TASK STATEMENT: Every record below is to be restated word for word, and no picture is to be copied.

Source data
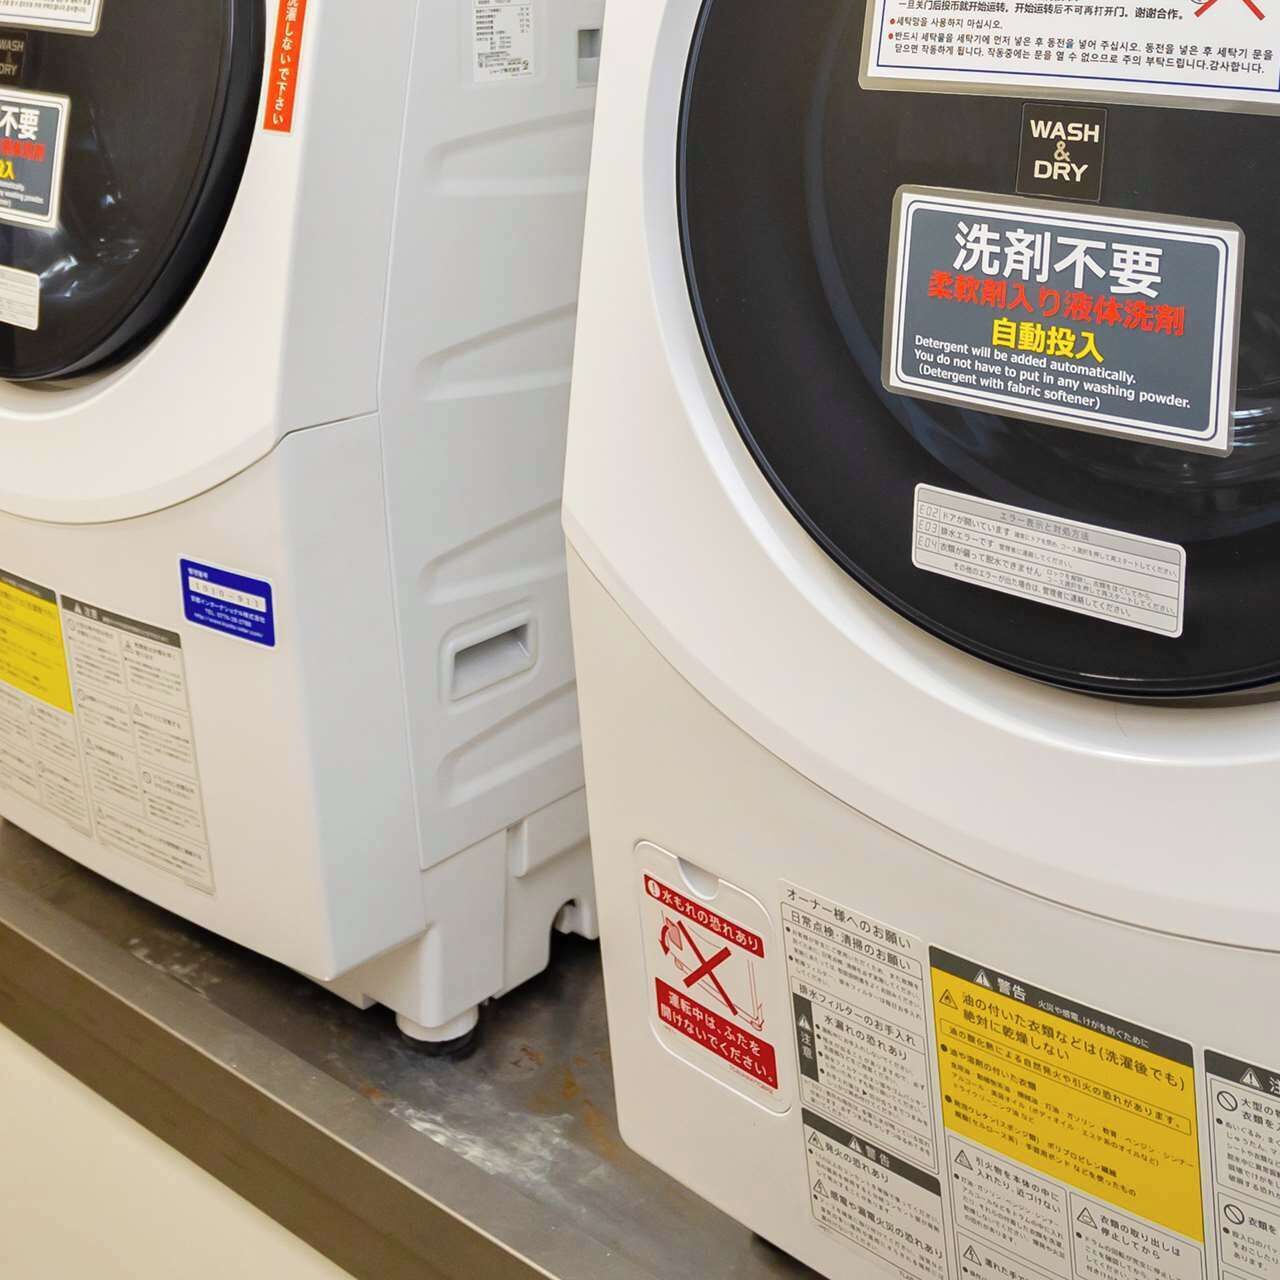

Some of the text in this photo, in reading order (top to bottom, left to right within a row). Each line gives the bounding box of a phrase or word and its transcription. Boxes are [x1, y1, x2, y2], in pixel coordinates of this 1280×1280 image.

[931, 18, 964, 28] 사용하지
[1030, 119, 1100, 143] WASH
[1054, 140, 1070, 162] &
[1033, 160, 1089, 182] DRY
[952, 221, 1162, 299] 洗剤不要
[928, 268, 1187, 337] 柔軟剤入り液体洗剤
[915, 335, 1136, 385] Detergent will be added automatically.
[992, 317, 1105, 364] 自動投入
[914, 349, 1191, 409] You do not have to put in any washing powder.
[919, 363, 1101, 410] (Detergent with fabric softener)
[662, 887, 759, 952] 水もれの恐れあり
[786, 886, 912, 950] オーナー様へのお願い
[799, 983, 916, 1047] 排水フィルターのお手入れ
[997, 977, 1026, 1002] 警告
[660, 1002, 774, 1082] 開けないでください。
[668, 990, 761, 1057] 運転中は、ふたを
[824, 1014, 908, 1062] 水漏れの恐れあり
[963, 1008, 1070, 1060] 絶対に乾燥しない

OUTPUT OF THE TASK:
Some of the text in this photo, in reading order (top to bottom, left to right within a row). Each line gives the bounding box of a phrase or word and its transcription. Boxes are [x1, y1, x2, y2], in pixel coordinates of this 1280×1280 image.

[931, 18, 964, 28] 사용하지
[1030, 119, 1100, 143] WASH
[1054, 140, 1070, 162] &
[1033, 160, 1089, 182] DRY
[952, 221, 1162, 299] 洗剤不要
[928, 268, 1187, 337] 柔軟剤入り液体洗剤
[915, 335, 1136, 385] Detergent will be added automatically.
[992, 317, 1105, 364] 自動投入
[914, 349, 1191, 409] You do not have to put in any washing powder.
[919, 363, 1101, 410] (Detergent with fabric softener)
[662, 887, 759, 952] 水もれの恐れあり
[786, 886, 912, 950] オーナー様へのお願い
[799, 983, 916, 1047] 排水フィルターのお手入れ
[997, 977, 1026, 1002] 警告
[660, 1002, 774, 1082] 開けないでください。
[668, 990, 761, 1057] 運転中は、ふたを
[824, 1014, 908, 1062] 水漏れの恐れあり
[963, 1008, 1070, 1060] 絶対に乾燥しない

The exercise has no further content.